Margaret Thatcher’s headstrong perseverance, talent and drive led her to achieve many “firsts”. She was the youngest woman in history to be promoted to Parliamentary Under-Secretary at the Ministry of Pensions and National Insurance in 1961. In 1970, she was appointed as the Education Secretary, which made her the only female in Cabinet. In 1975, she became the first woman to lead a major political party in the United Kingdom when she was elected leader of the Conservative Party. And in 1979, she became Britain’s first female Prime Minister, a position she kept until 1990.
Thatcher was born in 1925 as Margaret Hilda Roberts in Grantham, Lincolnshire. She graduated from Summerville College, Oxford in 1947 with second-class honours in chemistry. Before entering politics, she worked as a research chemist for a short time. She went on to become a barrister, and, in 1959, she was elected as a Member of Parliament for Finchley.
In 1953, she married Denis Thatcher, a businessman, and two years later gave birth to their twins, Carol and Mark.

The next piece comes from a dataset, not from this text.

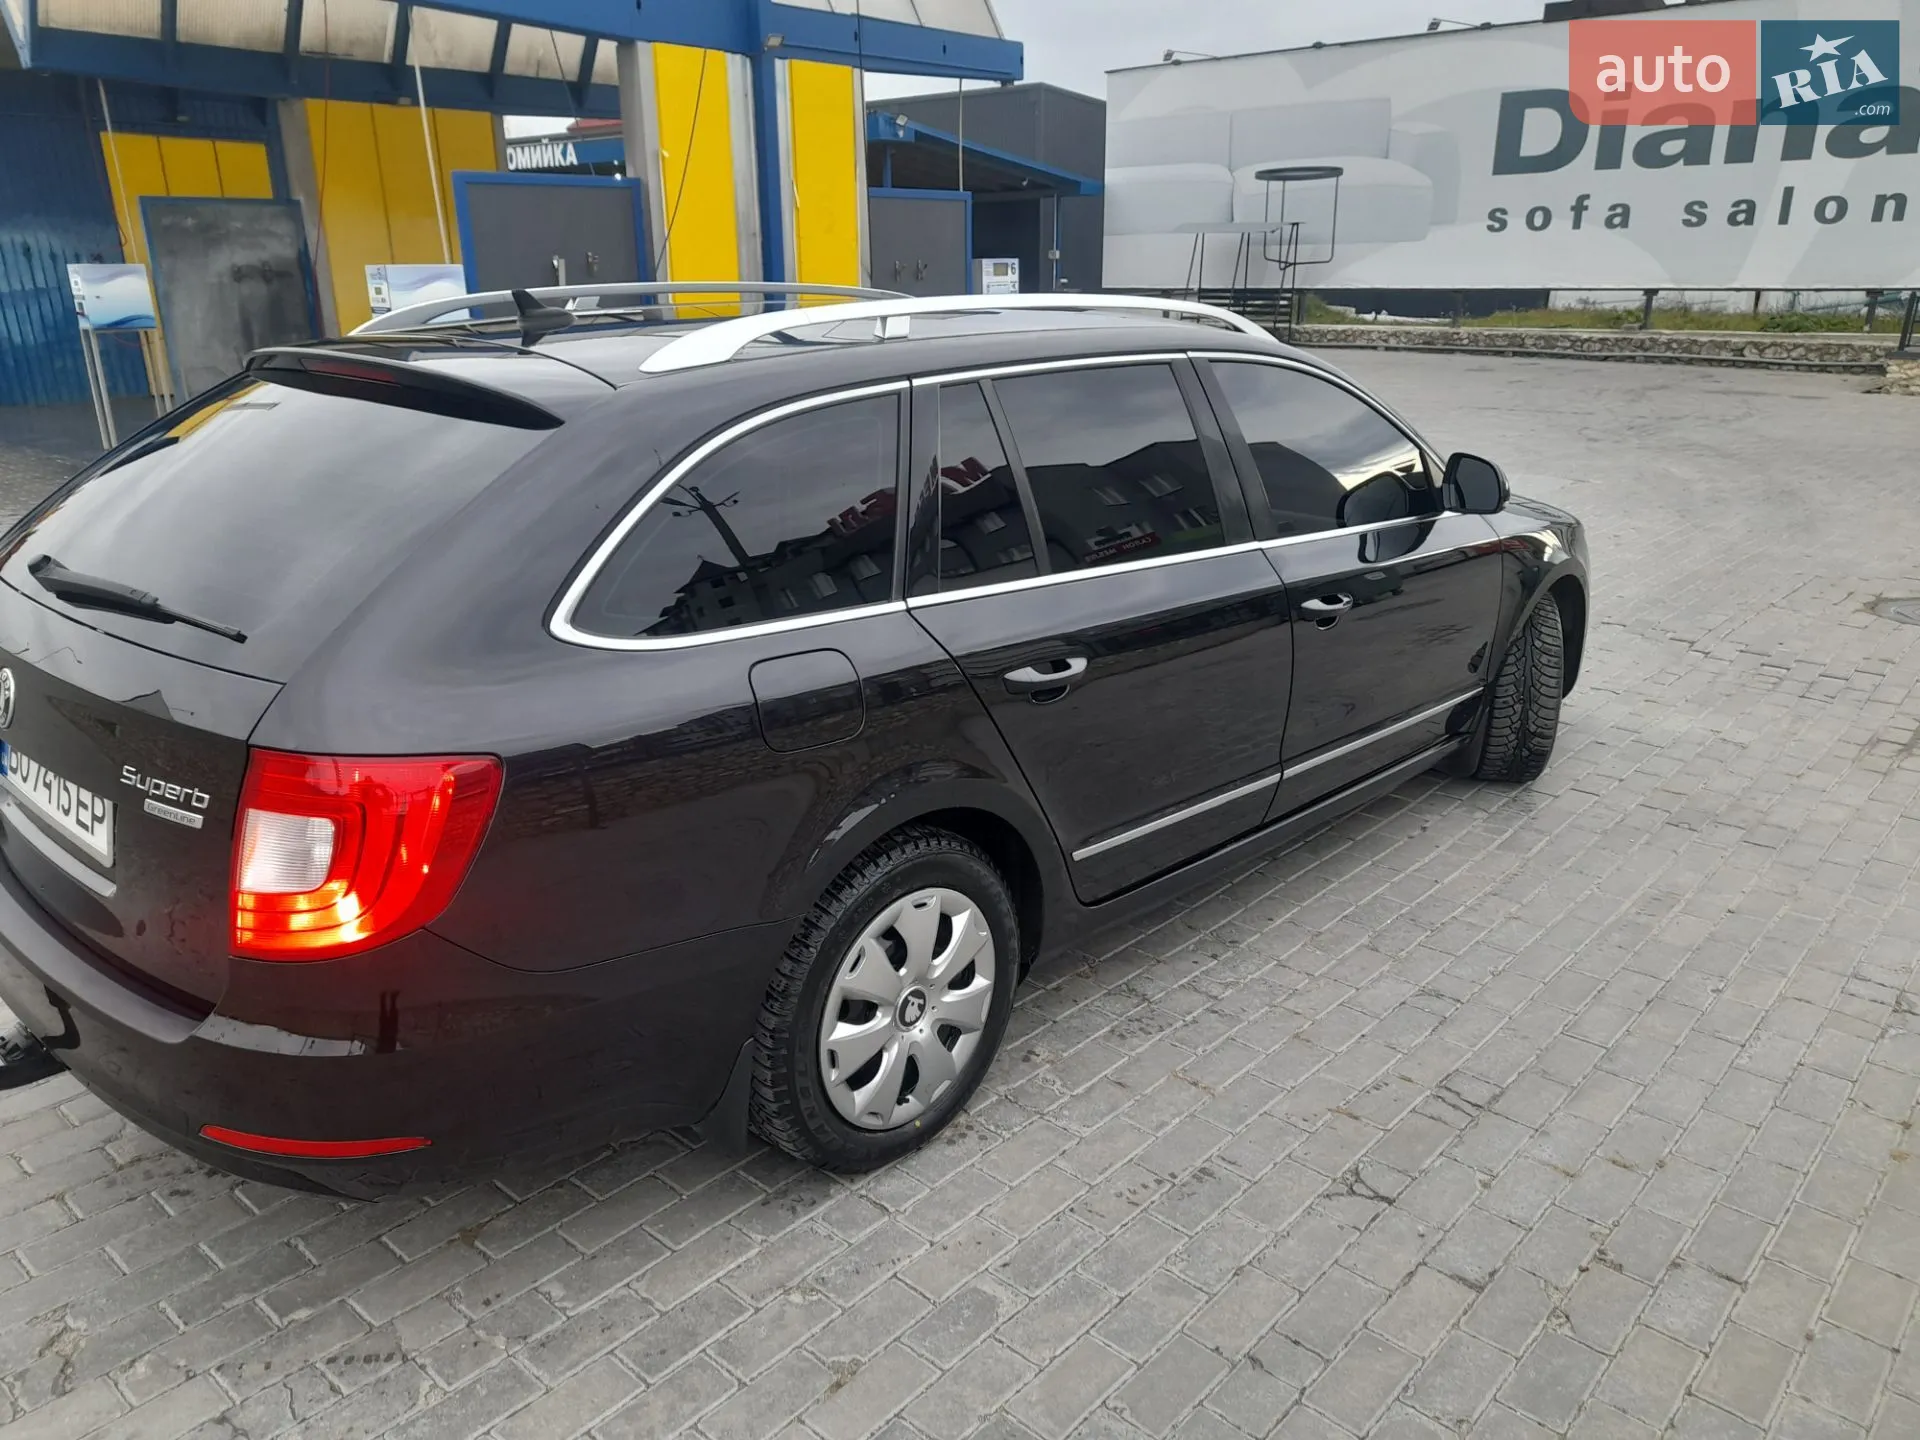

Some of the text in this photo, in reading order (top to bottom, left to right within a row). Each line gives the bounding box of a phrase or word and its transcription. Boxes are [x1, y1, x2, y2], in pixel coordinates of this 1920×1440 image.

The hallmark of Margaret Thatcher’s legacy is breaking the long-standing tradition and prejudice against women to rise to the very top in British politics. In an interview with BBC Television in 1979, she said, “I don’t think there will be a woman Prime Minister in my lifetime,” a prediction she proved wrong herself soon afterward.
She became known as “The Iron Lady” for her tough and uncompromising stance. The “Iron” metaphor would become a nickname for other strong-willed female politicians.
As the Prime Minister of the United Kingdom throughout the 1980s, she was often labeled as the most powerful woman in the world. Domestically, she established many free-market reforms, implemented the controversial poll tax and reduced the power of trades unions. Internationally, she developed a strong relationship with US President Ronald Reagan, and cultivated a working relationship with the Russian leader, Mikhail Gorbachev, during the final years of the Cold War. She battled the IRA, rising unemployment, and faced a lot of criticism. Rather than her politics, she was often attacked for trivial things like her hair, clothes, and even her voice.
Thatcher was not afraid of saying something controversial and unpopular if she strongly believed in it. She was a leading force in undermining the power of the Soviet Union; the Soviet leaders were surprised when she denounced their regime as the “embodiment of inhumanity.” When the Argentinean Army invaded the Falkland Islands, she immediately sent the British Force to reclaim the islands, despite fierce criticism.
Margaret Thatcher once said that her greatest achievement was that she had shifted the political spectrum to the right. She believed in individual authority and responsibility, and freedom of choice. She served as Prime Minister for 11 years – the longest-serving British PM of the 20th century – and left an unequaled mark on the economy and political landscape of the UK and the West.
She died at the age of 87 in 2013 after having a Stroke, but her legacy lives on. A true trailblazer, women everywhere who want to forge their own path and become the best they could be, would forever look up to Margaret Thatcher as an example.